Paulo André Stein Messetti, do Stein Messetti Advocacia em direito da saúde,é advogado formado na USP, especialista em direito médico e da saúde, mestre em bioética e doutorando em Ciências da Saúde pela Faculdade de Medicina do Centro Universitário Saúde ABC

O Wuhan 2019 talvez tenha sido o personagem principal do Carnaval de 2020. E impediu o país de começar o ano, mesmo depois da bacchanalia, o que já é inédito. Este novo coronavírus (cujo nome oficial é Sars-Cov-2, causador da doença Covid-19) assusta muita gente, mas algumas pessoas preferem compará-lo a uma simples gripe, acreditando que sua taxa de letalidade seja inferior ou equivalente à da gripe H1N1 (suína) ou à da H3N3 (comum) e que, portanto, não deve haver grandes repercussões na economia e no setor da saúde da maioria dos países do mundo com os estragos com que vem se apresentando. Quem estaria certo?

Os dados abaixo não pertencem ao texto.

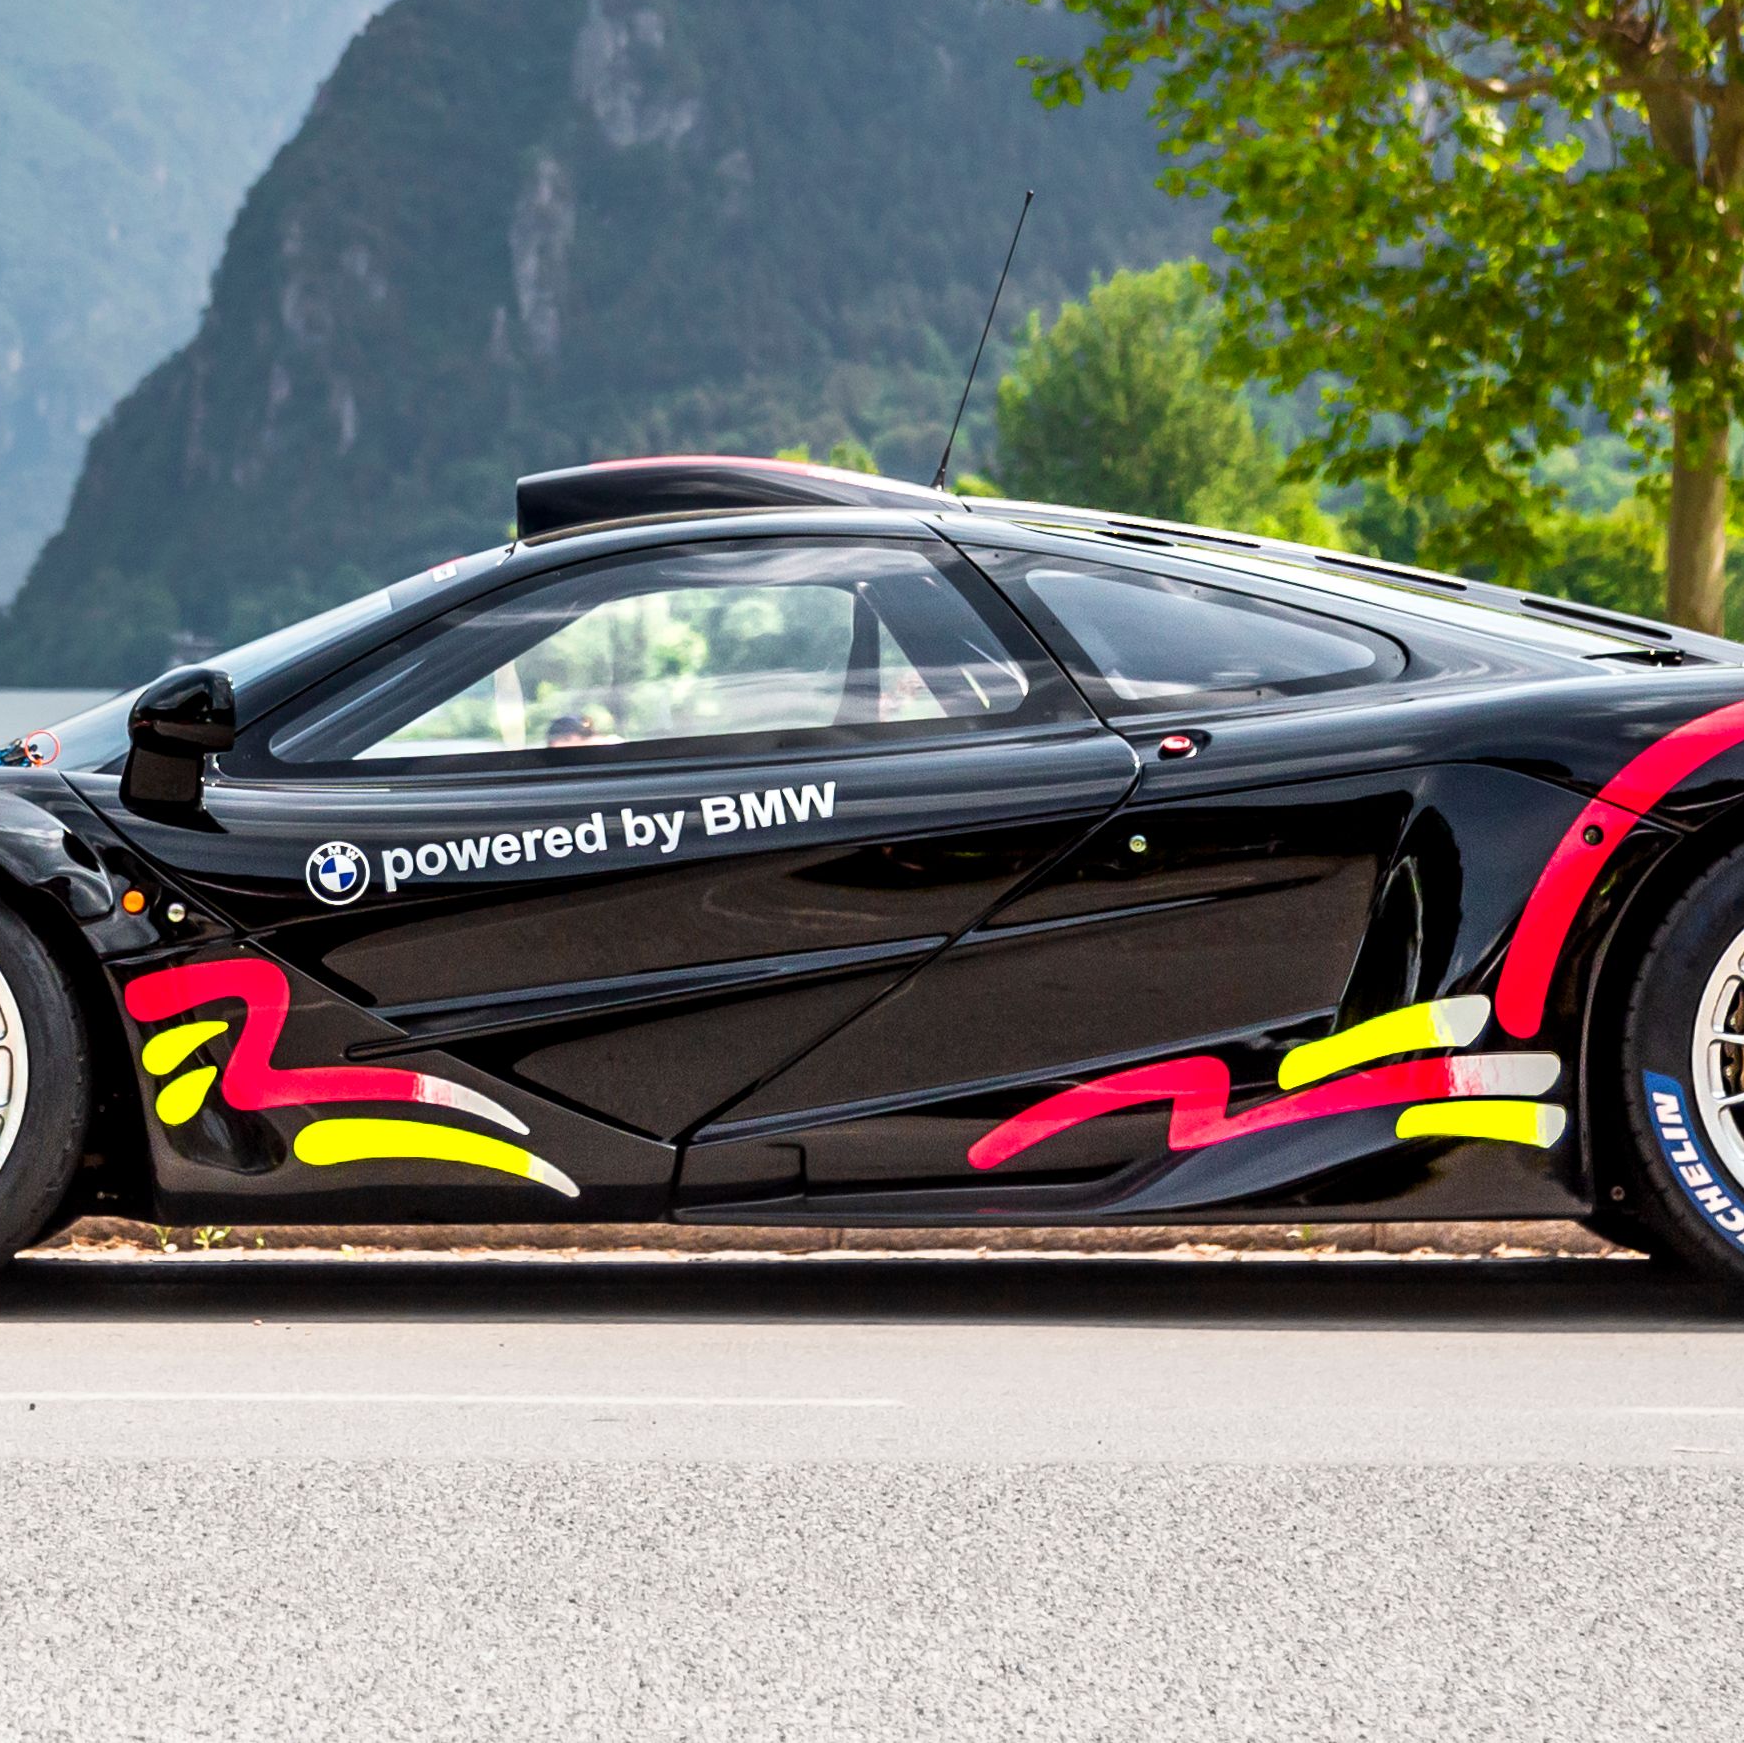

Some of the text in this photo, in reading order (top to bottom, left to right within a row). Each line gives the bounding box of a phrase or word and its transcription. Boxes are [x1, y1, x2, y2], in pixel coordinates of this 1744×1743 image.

[381, 781, 837, 892] powered by BMW

Até o presente, o novo coronavírus (Sars-Cov-2) tem índice de letalidade próximo aos 3%, segundo informações da Organização Mundial da Saúde. Mas se questiona que a letalidade correta seria aquela relativa ao universo dos que pegaram a doença, e não ao dos índices oficiais, que estaria aquém do número real de casos. Mas, se não podemos trabalhar com dados oficiais, com quais trabalharíamos? Gripes cíclicas anuais giram em torno de 0,1% de letalidade, o que é bem inferior ao poder de matar infectados do Sars-Cov-2.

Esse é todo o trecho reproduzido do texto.